Reputation: 725
I'm trying to plot a histogram of the MNIST dataset:
numberMNIST = fetch_openml('mnist_784',return_X_y=False)
dataset = numberMNIST.data
labels = numberMNIST.target
X_train, X_test, Y_train, Y_test = dataset[:60000], dataset[60000:], labels[:60000], labels[60000:]
Y_train_is4 = (Y_train == '4')
Y_test_is4 = (Y_test == '4')
plt.hist(Y_train)
plt.xlabel("Label")
plt.ylabel("Quantity")
plt.title("Labels in MNIST 784 dataset")
However, the order of labels is not properly organized:
How can I solve that, seeing the sequence 0,1,2,3,...,9 in X-axis?
Upvotes: 0
Views: 728
Reputation: 3077
hist
function is more suitable for numeric variables.
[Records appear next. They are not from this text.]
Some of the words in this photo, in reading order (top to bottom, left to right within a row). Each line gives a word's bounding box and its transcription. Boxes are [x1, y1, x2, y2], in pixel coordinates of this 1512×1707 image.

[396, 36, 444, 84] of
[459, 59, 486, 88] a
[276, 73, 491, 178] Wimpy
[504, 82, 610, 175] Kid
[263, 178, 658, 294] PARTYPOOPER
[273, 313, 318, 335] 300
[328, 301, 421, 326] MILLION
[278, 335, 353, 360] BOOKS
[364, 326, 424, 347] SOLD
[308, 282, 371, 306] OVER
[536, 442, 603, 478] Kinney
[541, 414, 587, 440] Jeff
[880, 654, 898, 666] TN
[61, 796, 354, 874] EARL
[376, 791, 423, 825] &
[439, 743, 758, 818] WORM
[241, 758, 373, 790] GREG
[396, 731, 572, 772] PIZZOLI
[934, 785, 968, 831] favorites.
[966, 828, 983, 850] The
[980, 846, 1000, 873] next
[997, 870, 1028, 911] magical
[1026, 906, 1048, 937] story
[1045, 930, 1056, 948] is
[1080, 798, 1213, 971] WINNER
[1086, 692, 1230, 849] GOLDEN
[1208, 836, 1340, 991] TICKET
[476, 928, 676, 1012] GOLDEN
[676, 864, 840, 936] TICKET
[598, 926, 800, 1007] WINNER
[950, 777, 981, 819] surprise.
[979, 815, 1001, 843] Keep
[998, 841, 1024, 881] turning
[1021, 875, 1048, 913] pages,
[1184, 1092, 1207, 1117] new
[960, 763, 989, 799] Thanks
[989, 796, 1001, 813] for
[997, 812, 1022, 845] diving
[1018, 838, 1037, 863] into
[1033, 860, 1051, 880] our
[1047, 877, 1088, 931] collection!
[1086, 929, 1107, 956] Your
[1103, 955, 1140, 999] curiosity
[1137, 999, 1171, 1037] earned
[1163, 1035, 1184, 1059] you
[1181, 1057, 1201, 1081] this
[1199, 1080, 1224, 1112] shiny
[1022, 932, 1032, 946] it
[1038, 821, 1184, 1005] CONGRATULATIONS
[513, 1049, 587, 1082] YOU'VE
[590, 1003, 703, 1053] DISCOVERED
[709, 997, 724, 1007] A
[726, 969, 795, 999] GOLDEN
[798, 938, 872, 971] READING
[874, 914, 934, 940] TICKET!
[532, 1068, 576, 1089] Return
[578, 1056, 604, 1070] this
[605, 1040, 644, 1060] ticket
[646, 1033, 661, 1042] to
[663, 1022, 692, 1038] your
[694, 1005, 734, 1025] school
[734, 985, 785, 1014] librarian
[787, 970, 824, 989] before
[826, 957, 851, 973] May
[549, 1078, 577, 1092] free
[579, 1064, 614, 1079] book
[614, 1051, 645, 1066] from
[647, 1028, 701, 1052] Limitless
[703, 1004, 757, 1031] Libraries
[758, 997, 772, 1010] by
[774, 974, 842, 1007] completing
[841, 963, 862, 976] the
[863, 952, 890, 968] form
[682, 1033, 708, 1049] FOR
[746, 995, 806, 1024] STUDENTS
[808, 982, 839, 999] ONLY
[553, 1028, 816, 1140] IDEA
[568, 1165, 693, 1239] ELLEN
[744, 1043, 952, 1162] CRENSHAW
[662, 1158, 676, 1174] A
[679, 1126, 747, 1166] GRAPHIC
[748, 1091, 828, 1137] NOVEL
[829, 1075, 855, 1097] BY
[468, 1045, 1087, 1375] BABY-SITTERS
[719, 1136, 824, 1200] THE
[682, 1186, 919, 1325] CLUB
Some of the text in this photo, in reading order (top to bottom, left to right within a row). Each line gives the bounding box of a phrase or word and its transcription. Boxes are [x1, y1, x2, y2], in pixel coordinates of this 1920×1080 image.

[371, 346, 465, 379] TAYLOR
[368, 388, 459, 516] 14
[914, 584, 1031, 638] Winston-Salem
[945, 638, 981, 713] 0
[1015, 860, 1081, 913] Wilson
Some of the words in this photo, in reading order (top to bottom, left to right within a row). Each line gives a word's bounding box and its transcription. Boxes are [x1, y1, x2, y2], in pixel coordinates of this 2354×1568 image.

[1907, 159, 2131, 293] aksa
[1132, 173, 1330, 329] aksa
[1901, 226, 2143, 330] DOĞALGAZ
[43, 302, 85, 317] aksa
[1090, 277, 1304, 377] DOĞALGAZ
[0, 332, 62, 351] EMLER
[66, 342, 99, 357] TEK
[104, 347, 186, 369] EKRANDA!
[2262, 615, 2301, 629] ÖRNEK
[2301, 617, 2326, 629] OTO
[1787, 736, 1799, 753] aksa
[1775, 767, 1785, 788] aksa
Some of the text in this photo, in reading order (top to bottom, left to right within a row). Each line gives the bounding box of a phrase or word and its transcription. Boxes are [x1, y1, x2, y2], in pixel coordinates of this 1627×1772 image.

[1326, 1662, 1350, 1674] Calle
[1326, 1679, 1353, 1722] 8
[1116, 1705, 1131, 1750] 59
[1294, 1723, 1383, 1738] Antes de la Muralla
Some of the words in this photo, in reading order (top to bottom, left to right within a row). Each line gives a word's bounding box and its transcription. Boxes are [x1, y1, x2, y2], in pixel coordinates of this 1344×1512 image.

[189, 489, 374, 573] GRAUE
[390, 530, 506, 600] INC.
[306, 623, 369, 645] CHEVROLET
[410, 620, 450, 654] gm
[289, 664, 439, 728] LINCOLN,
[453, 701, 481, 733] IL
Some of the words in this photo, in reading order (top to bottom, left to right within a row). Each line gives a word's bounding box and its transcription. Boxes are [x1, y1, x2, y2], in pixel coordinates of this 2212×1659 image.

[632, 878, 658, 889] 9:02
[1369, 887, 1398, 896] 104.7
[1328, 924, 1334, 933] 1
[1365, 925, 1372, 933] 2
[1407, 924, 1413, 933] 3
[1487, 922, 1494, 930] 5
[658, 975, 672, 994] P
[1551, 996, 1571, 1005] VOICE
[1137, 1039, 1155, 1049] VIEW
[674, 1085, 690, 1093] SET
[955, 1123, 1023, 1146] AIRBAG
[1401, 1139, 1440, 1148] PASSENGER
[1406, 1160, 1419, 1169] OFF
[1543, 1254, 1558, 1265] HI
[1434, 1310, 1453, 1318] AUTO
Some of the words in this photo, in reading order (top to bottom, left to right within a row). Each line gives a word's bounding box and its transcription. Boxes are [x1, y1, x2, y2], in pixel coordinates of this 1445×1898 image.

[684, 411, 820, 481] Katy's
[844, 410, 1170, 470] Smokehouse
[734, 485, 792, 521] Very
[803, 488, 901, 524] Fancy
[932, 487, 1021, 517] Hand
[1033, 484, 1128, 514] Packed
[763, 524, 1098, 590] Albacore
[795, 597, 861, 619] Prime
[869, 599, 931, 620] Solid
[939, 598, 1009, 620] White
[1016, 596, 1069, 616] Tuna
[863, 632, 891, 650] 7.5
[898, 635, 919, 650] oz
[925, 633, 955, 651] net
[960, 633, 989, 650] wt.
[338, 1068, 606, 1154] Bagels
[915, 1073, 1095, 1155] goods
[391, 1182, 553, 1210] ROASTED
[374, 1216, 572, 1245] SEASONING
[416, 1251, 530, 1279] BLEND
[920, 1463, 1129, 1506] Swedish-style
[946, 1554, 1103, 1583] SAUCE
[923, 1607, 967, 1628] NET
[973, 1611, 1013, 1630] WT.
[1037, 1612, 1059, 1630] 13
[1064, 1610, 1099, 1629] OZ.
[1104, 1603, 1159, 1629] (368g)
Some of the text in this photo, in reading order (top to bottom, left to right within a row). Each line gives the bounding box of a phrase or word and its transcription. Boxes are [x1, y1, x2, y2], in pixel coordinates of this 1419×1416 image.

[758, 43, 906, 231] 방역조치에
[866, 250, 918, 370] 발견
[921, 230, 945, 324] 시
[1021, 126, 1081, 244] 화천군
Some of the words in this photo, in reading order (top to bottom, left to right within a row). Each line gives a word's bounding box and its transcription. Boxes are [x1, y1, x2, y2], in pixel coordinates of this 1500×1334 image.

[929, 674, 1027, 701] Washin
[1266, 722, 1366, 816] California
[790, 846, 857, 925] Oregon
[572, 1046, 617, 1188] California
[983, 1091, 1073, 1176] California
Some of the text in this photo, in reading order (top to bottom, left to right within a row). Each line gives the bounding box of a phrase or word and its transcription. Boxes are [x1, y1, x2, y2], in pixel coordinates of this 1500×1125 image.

In your case, the labels are strings and are considered as object
by numpy. I would rather use bar.
import numpy as np
unique, counts = np.unique(Y_train, return_counts=True)
plt.bar(unique, counts)
plt.xticks(unique)
plt.xlabel("Label")
plt.ylabel("Quantity")
plt.title("Labels in MNIST 784 dataset")
Upvotes: 2